O funcionário lembrou que, a partir de 1º de novembro, Brasil e EUA assumem a presidência conjunta do processo negociador.
"É uma ótima oportunidade para que o Brasil exerça sua liderança", afirmou, em mensagem cifrada, mas óbvia: se Lula não quer a "anexação" do Brasil, a maneira de evitá-la não é sair da negociação, mas aproveitar a co-presidência para direcioná-la no rumo pretendido pelo novo governo.

Co-presidência
Quem preside uma negociação tem sempre a possibilidade de encaminhá-la de acordo com seus interesses. No caso da Alca, Brasil e EUA têm tido, em geral, posições conflitantes, exatamente pela defesa de seus interesses específicos.

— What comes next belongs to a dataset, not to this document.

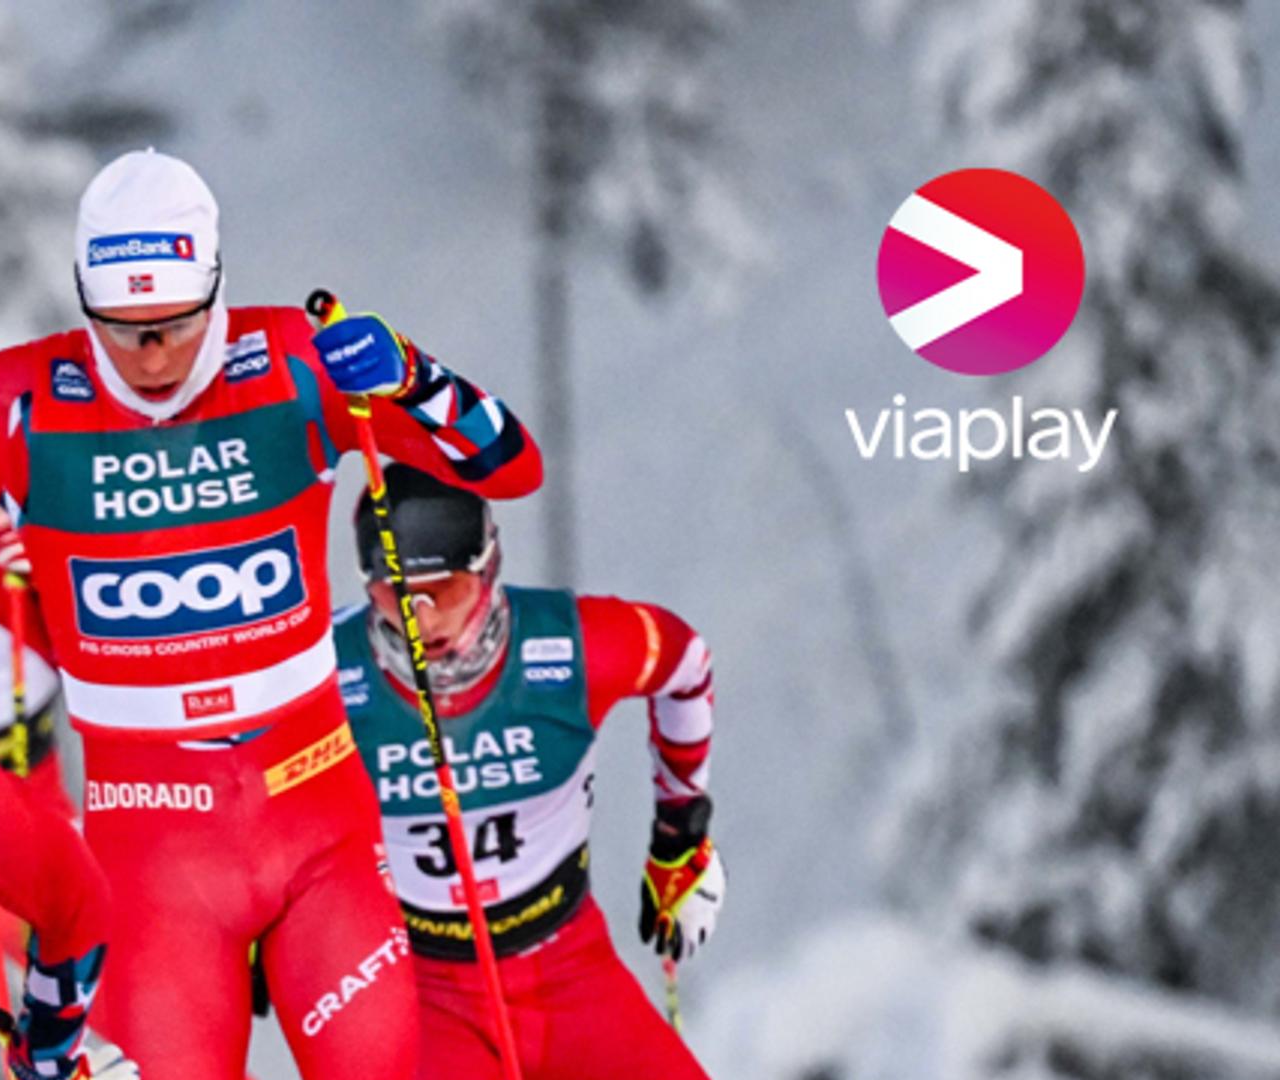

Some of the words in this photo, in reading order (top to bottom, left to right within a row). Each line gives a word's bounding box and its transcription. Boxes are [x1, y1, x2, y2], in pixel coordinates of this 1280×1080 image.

Como serão co-presidentes até o fim da negociação, em 2005, o potencial de conflito aumenta.
Tanto aumenta que, na entrevista de ontem, o funcionário deixou claro: as conversas com autoridades brasileiras em torno da co-presidência têm sido muito cautelosas, para não tratar de temas de "sensibilidade política".
Por isso, o que está sendo discutido é muito mais a logística da co-presidência ("como vamos nos comunicar um com o outro", por exemplo, diz o entrevistado).
Parece óbvio que a sensibilidade política, do lado brasileiro, aumentará em um eventual governo Lula, o que tornará a presidência conjunta um exercício ainda mais complexo.
De todo modo, o funcionário ouvido ontem não deu maior importância ao fato de que o novo governo brasileiro terá apenas 45 dias, desde a posse, para apresentar a oferta inicial de abertura do seu mercado (o prazo é 15 de fevereiro de 2003).
"Trata-se de um cronograma decidido por todos os países e para o qual os trabalhos preparatórios já estão adiantados (em cada país)", afirmou.

A Antártida
O funcionário aproveitou para fazer uma segunda ironia, ao comentar a declaração de Robert Zoellick, chefe do USTr (United States Trade Representative, uma espécie de ministério do comércio exterior dos EUA), de que o Brasil teria que escolher entre a Alca e a Antártida. "Posso assegurar que não é verdadeira a informação de que os Estados Unidos pretendem incluir a Antártida na Alca", brincou.
A frase de Zoellick, reproduzida pela Folha na terça-feira da semana passada, provocou irada reação de Lula, que chamou o funcionário de "sub do sub do sub" (na verdade, o posto de Zoellick tem status de ministro).
Ontem, o representante dos EUA disse que o ruído provocado por ambas as declarações não estava prejudicando o ambiente para a reunião ministerial da Alca marcada para dia 1º próximo em Quito, capital equatoriana -reuniões ministeriais são a máxima instância do processo negociador.
De todo modo, o funcionário deixou claro que a liberalização do setor agrícola continua sendo o nó central no processo.
Os EUA fizeram uma proposta que o governo brasileiro admite ser "ambiciosa" na área agrícola, mas ela vale só para a negociação global, no âmbito da OMC (Organização Mundial do Comércio).
A proposta agrícola norte-americana para a Alca ainda está em elaboração, mas o alto funcionário já adiantou que os EUA "não vão se desarmar unilateralmente em face dos subsídios europeus".
Posto de outra forma: só se todos os países que protegem suas agriculturas (o que inclui, além dos europeus, o Japão e a Coréia do Sul) reduzirem seu arsenal, os Estados Unidos o farão também no âmbito da Alca.